I Will Tear This World Apart – Self-Titled


    Released at the tail end of 2013, the self-titled debut album from Norwegian metallers I Will Tear This World Apart is one of those provocations which thrills and invigorates from the first encounter but also infects the imagination with seeds which only draw you rapidly back into the antagonistic arms of the storm offered. Consisting of nine songs which rampage and infest the senses like a sonic scourge of metallic breeding, the release is a magnetic merger of styles and angry passion which is unrelenting in its animosity and towering persuasion. The saying goes that ‘you can’t keep a good man down’, but in the face of I Will Tear This World Apart’s ferocity even the Devil might be staggered to his knees under their intensive fury.

     Formed in 2011 and taking its name from the Grown Into Nothing song Wrestling the Lions, I Will Tear This World Apart consists of vocalist Peter Bains who also fronts impressive metallers Killtek and Grown Into Nothing, alongside guitarist Robert Bains also of Grown Into Nothing, drummer Espen Hektoen from death metallers Chton and death thrashers Cleaver, and bassist Sigurd Ekle. Essences of the members other bands do make a loud whisper at times within the presence of IWTTWA but this band has a voice and aggression all of its own which rivals and challenges the strengths of those parallel projects. With a more hardcore causticity adding to the array of metal flavouring from groove to metalcore, thrash to extreme metal, the band brews a sound which is a voracious provocation able to rile and seduce with equal intensity; IWTTWA’s debut album an introduction all metal fans should treat themselves to.
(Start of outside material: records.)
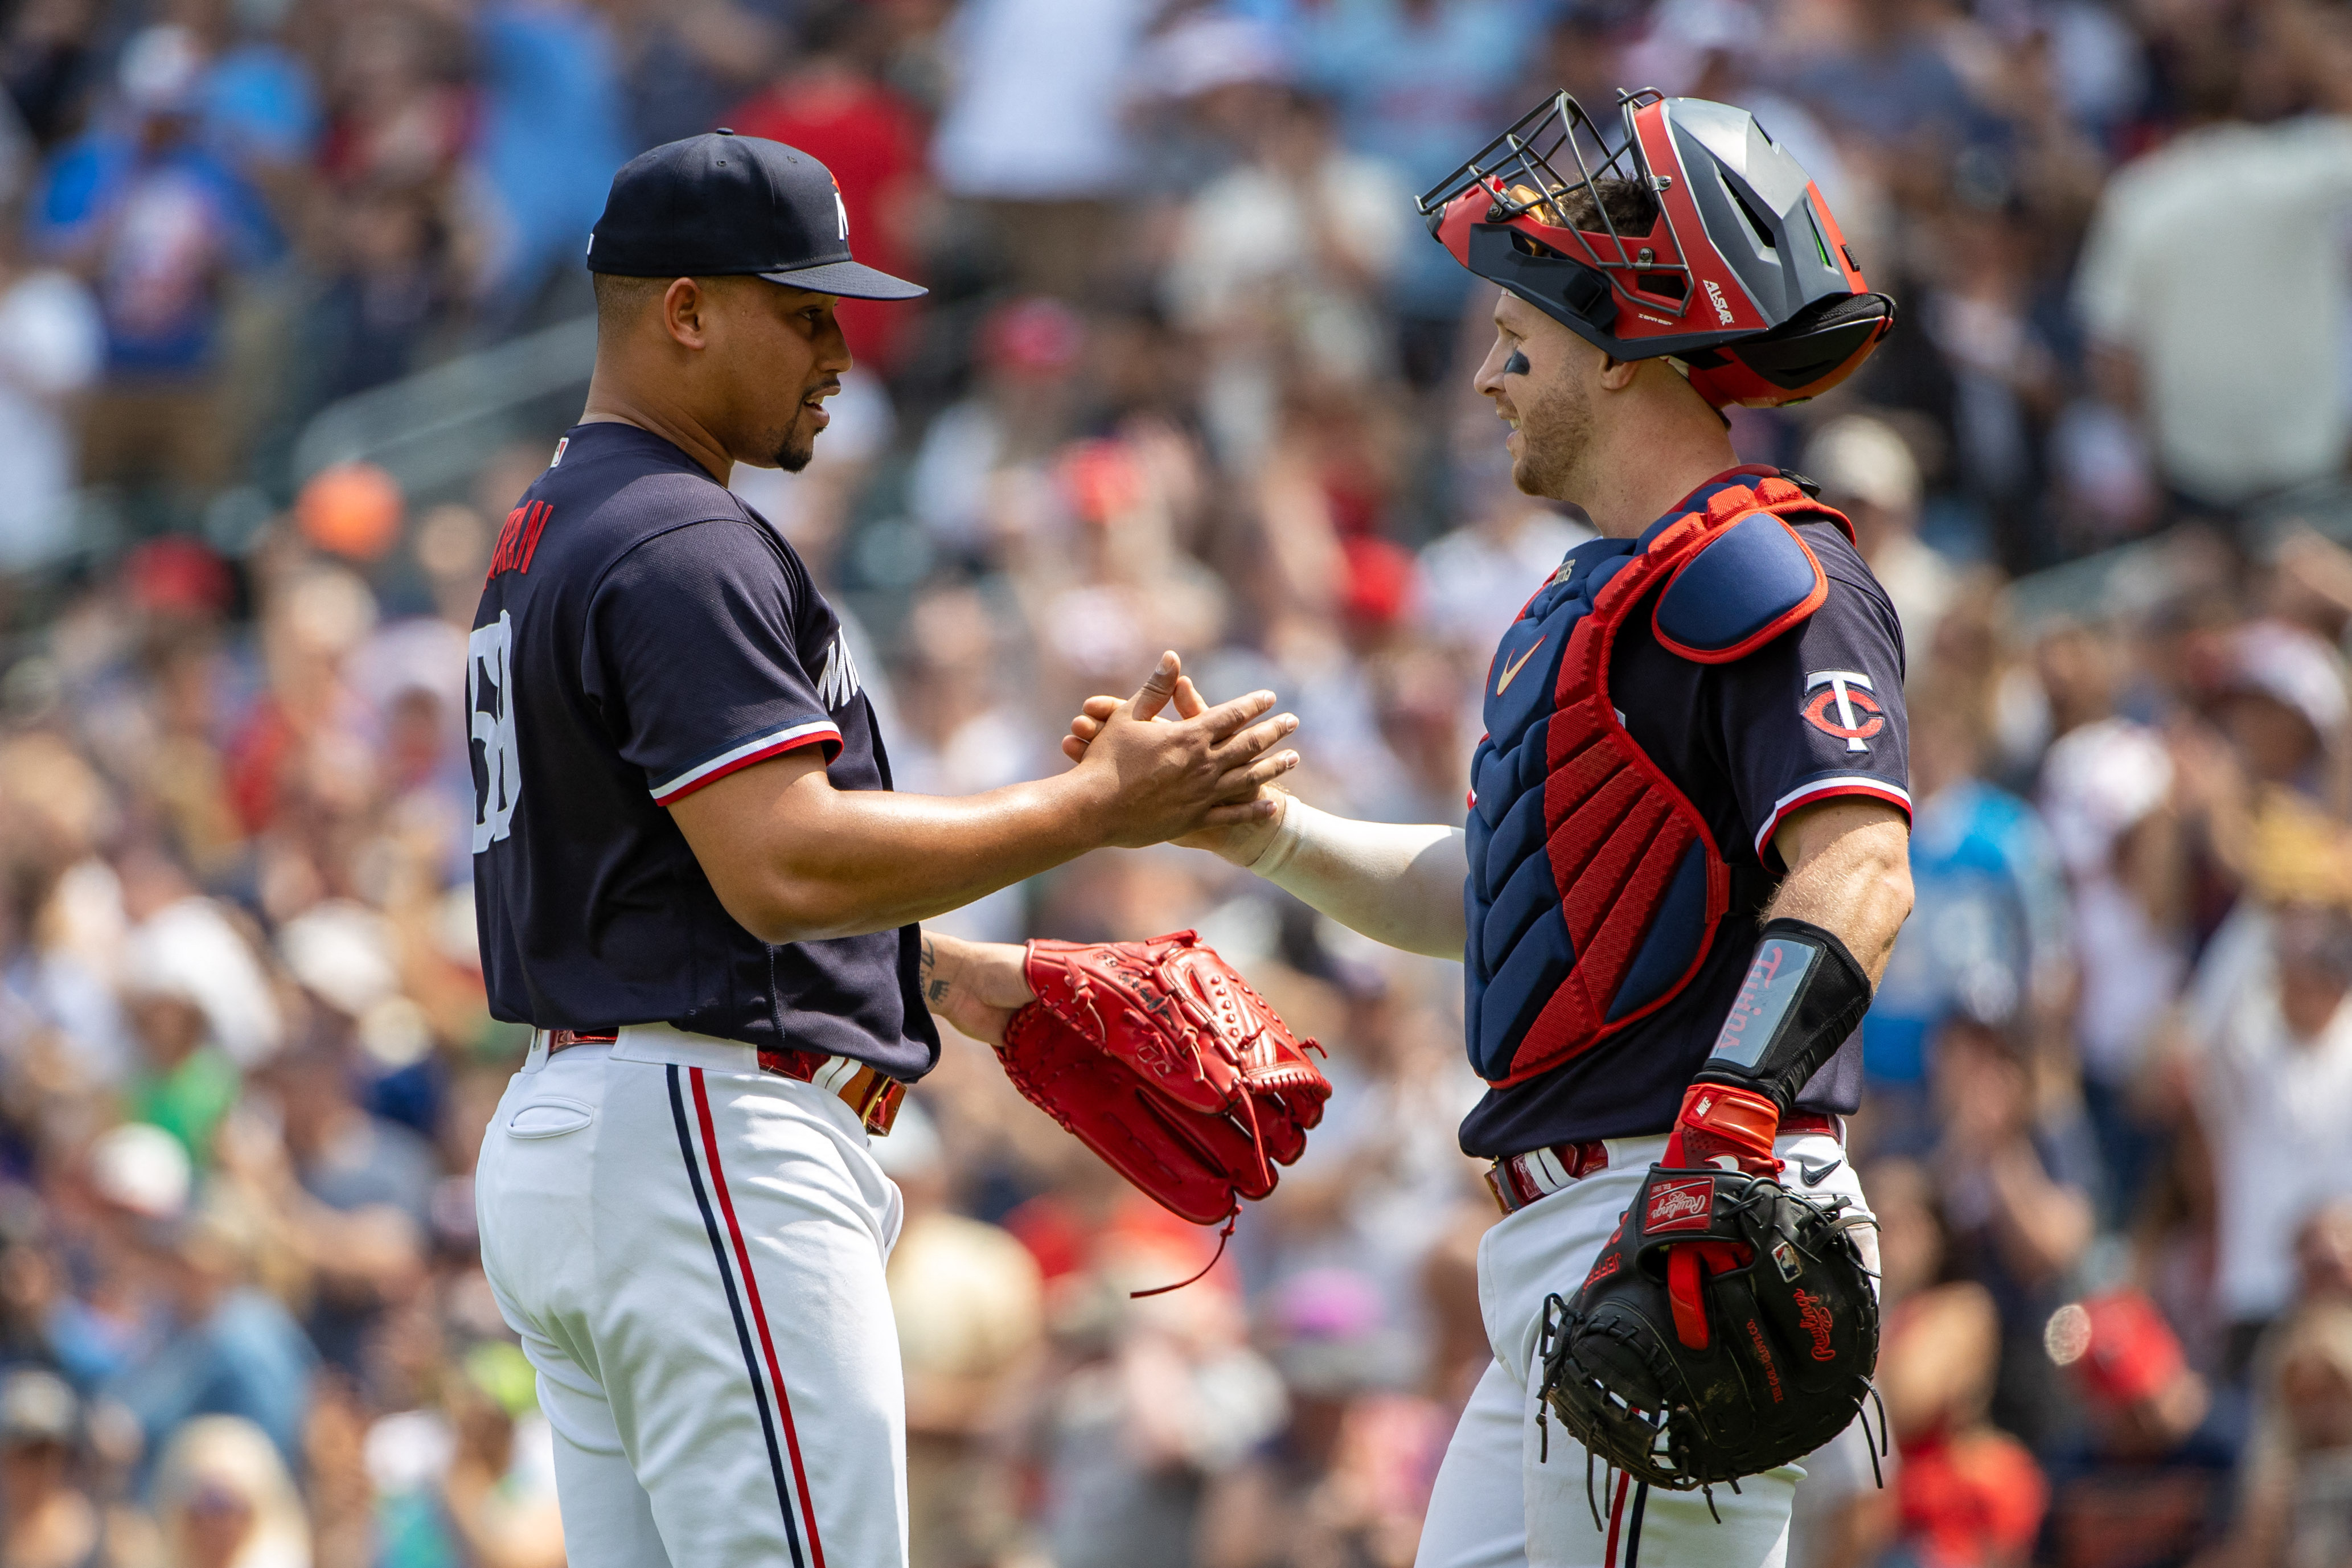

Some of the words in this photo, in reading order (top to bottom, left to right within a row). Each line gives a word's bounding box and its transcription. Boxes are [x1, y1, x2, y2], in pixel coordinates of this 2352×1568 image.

[1702, 279, 1735, 326] ALL-STAR
[1696, 1096, 1712, 1117] NIKE
[1651, 1192, 1706, 1219] Rawlings
[1746, 1318, 1758, 1335] CO.
[1793, 1288, 1836, 1362] Rawlings
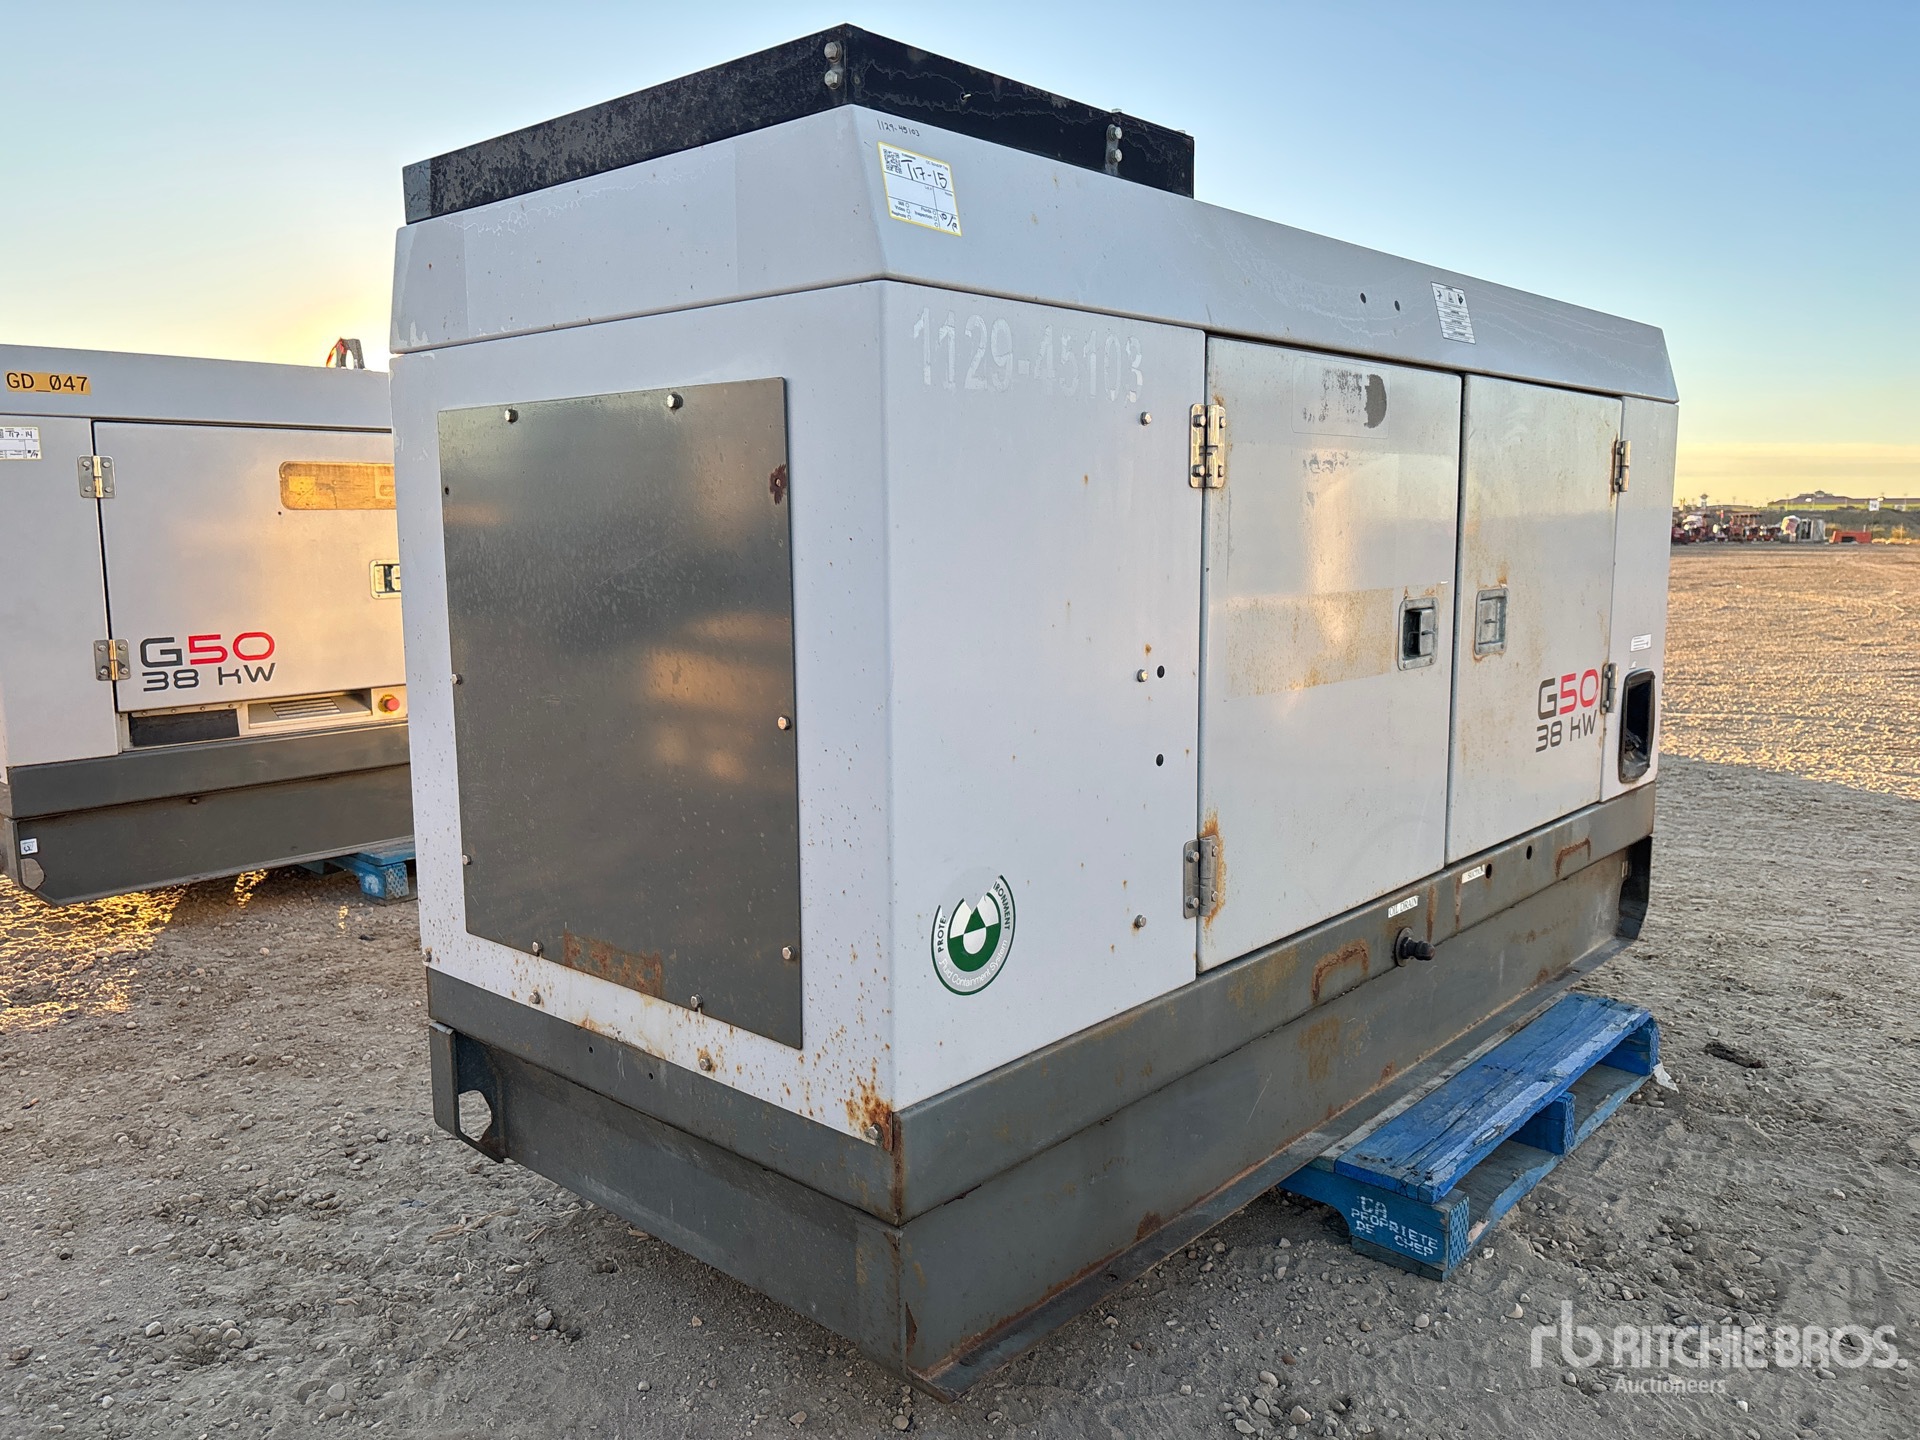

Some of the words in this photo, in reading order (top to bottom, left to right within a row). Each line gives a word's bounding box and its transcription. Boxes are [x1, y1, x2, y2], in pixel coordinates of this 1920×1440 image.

[877, 119, 920, 137] 1129-45103
[901, 159, 948, 189] T17-15
[913, 307, 1144, 403] 1129-45103
[6, 372, 88, 392] GD_047
[140, 632, 275, 668] G50
[142, 669, 199, 692] 38
[1538, 668, 1599, 720] G50
[1536, 720, 1562, 753] 38
[937, 914, 946, 953] PROTE
[1350, 1207, 1438, 1250] PROPRIETE
    Released via Trøndercore Records, the tempestuous release throws its full weight against the ears with opener Demonhead, IWTTWAguitars creating sonic smog to tantalise whilst rhythms punch out their own firm enticement. Soon charging full pelt with antagonism flying from every note unleashed and syllable spewed by the intensive scowls of Peter Bains, the track blisters the senses with venomous toxicity and burns the air with rapacious energy. It is an immense start which without powerfully contagious grooves and hooks still seizes a firm place in the passions and memory before making way for the following Case Closed. A very brief heavy dawning soon uncages an aggressive predation of resonating rhythmic thumping and abrasive riffs which scar and invite the imagination to join their raucous belligerence. As the first it is only the core intent as the guitar spawns its own acidic temptation across the almost crusade like squalling vocals to add further inventive bait to the vigorous conflict exciting the emotions.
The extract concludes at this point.